5 – On sent qu’elle s’attache à ce jeune homme nu, dont elle caresse les cheveux, avec lequel elle va pouvoir enfin dialoguer, échanger, ce qui d’une certaine manière la déstabilise. J’ai eu le sentiment qu’elle perdait une partie de sa force en lui avouant son amour ; la comédienne est particulièrement émouvante dans cette mutation. Lui, en revanche, retrouvera son indépendance face à cet aveu. 
 
6 - J’ai aussi aimé cette fuite du jeune homme, qui ne peut se retrouver qu’en se perdant, pour se ressourcer,  au plus profond de la nature, à la fois dangereuse et maternelle.
 
7 -  Les images sont belles et signifiantes. A la fin, « Elle » et « l’autre » sont face à face comme dans un duel. Ils argumentent pour décider ou non de faire cet enfant, avant qu’il ne soit trop tard. Ils savent pourtant que  l’enfant est la mort du couple, car la femme cesse de s’occuper de l’homme pour chérir l’enfant. C’est ce qui était annoncé au prologue. La boucle est bouclée.
 
POINTS FAIBLES
L’auteur  ne fait peut-être pas assez confiance en l’intelligence du public de théâtre qui est différente de celle du public de cinéma. Il aurait pu être un peu moins répétitif et laisser l’intuition guider le spectateur.
 
EN DEUX MOTS
Ce n’est pas une pièce facile, mais j’ai aimé le spectacle. Erich von Stroheim est absent et omniprésent, parce que dans nos références cinématographiques, il est aussi lié aux objets, qu’il trouvait lui-même pour construire ses personnages. On pense à Jouvet « Vous cherchez Erich von Stroheim ? Vous le trouverez au magasin des accessoires ! »
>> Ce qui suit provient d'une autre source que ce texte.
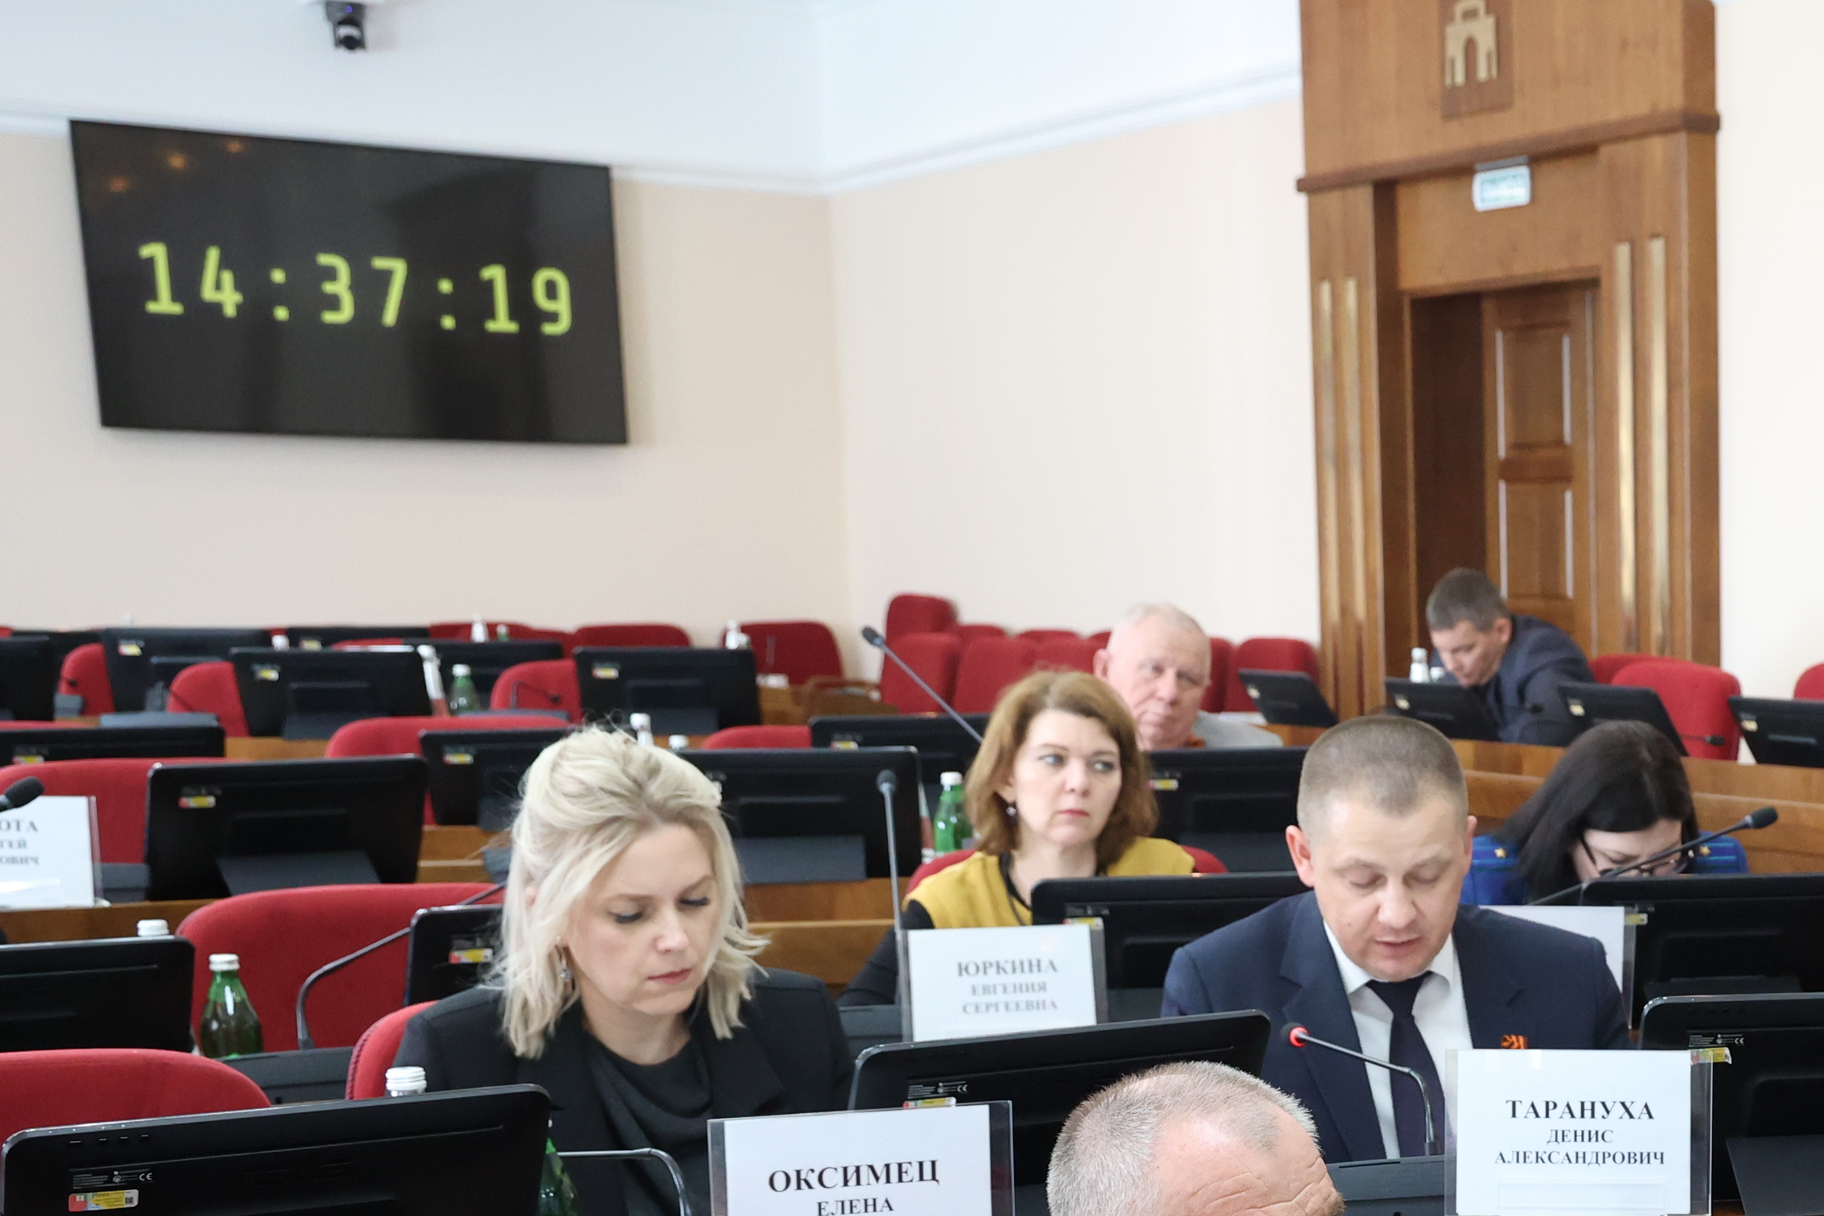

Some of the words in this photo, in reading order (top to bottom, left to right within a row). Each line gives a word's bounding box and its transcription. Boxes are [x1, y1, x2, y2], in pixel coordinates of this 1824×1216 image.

Emmanuelle Béart est la femme éternelle forte et fragile. Le couple, dans la relation sexuelle primaire, engendre le fameux Eros et Thanatos, donc la mort nécessaire et irrémédiable. Quand on comprend dès le début, ce fil d’Ariane tendu par l’auteur, on se laisse guider, en attendant la suite avec curiosité, sans s’ennuyer. Sinon…
 
UN EXTRAIT
« L’un. Tu connais Eric von Stroheim ? Elle. Qui est-ce ? L’un. Un génie. Il a falsifié sa vie comme un vulgaire document. Il l’a falsifié pour s’en sortir. Elle. S’en sortir pour « organiser sa survie » : minable pour un génie. Déshabille-toi. L’un. C’est tout l’effet qu’Eric von Stroheim te fait ? Elle. C’est l’effet que toi tu me fais. »
 
L’AUTEUR
Auteur réalisateur, né en 1963, Christophe Pellet est diplômé de la FEMIS en 1991. Il a publié une quinzaine de pièces chez l’Arche éditeur. Il a reçu le Grand Prix de la Littérature dramatique pour « La Conférence ». Ses pièces sont montées par de multiples metteurs en scène, dont Stanislas Nordey. Egalement cinéaste, il a réalisé six films qui ont fait l’objet d’une rétrospective à la cinémathèque en 2016.